We have previously demonstrated that traumatic injury of the lateral aspect of the right parietal cortex results in reduced acquisition of the passive avoidance task but enhanced learning in an active avoidance procedure. In order to try to explain the apparent dichotomy between these findings a series of experiments examined the effect of fluid percussion-induced traumatic brain injury (FP-TBI) on the conditioned freezing response to a context previously paired with an aversive stimulus. Rats subjected to FP-TBI displayed less conditioned freezing than the sham-operated controls. This effect was particularly marked when the delay between context exposure and footshock was short (< or = 30 s) and was no longer significant when this delay was 3 min, indicating that the injured animals did not have an impaired freezing response per se. This phenomenon was enduring such that it could still be observed 2 months following the surgery.
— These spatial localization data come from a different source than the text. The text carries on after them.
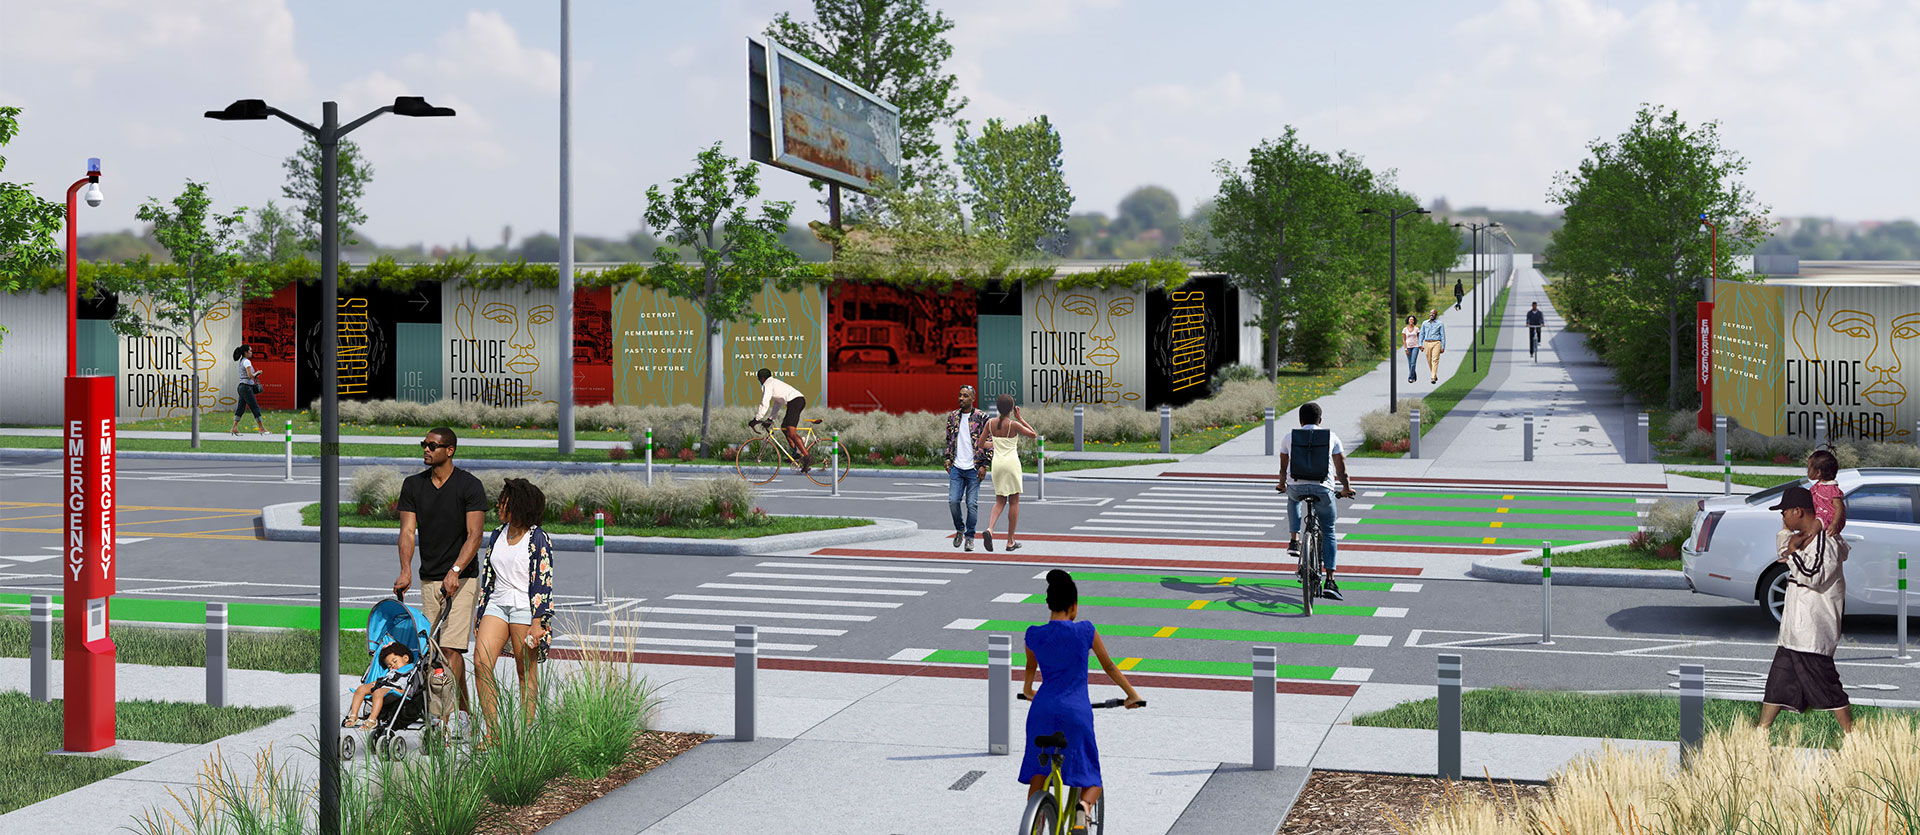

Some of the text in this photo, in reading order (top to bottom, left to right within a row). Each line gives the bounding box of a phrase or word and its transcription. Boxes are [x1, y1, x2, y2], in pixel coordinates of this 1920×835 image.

[1171, 291, 1206, 392] STRENGTH
[1713, 334, 1769, 350] EMEMBERS THE
[1722, 321, 1752, 331] DETROIT
[127, 335, 183, 370] FUTURE
[336, 297, 368, 395] STRENGTH
[450, 339, 506, 374] FUTURE
[1031, 331, 1087, 366] FUTURE
[1701, 319, 1709, 385] EMERGENCY
[1737, 354, 1767, 366] CREATE
[403, 371, 423, 388] JOE
[983, 363, 1003, 380] JOE
[983, 380, 1017, 397] LOUIS
[1031, 369, 1104, 404] FORWARD
[1713, 364, 1760, 380] THE FUTURE
[1786, 359, 1861, 406] FUTURE
[127, 373, 200, 408] FORWARD
[451, 377, 523, 408] FORWARD
[69, 420, 84, 582] EMERGENCY
[100, 419, 112, 580] EMERGENCY
There was no significant freezing deficit after FP-TBI of the motor cortex, demonstrating that the site of injury is important and that the freezing deficit is not a general response to CNS trauma. The NMDA receptor antagonist dizocilpine (MK-801, 1 mg/kg i.v.) significantly reduced the trauma-induced freezing deficit when administered as a single bolus 15 min prior to the surgery, or as three repeated treatments (3 x 0.33 mg/kg) 15 min, and 6 and 24 h following lesion. The trauma-induced deficit in conditioned freezing can explain the differences in active and passive avoidance behaviours and appears to be specific to lesion of the lateral parietal cortex. In addition, the behavioural deficit can be attenuated using the neuroprotective agent dizocilpine, suggesting that it may prove useful as a sensitive and specific measure of cortical damage following traumatic injury.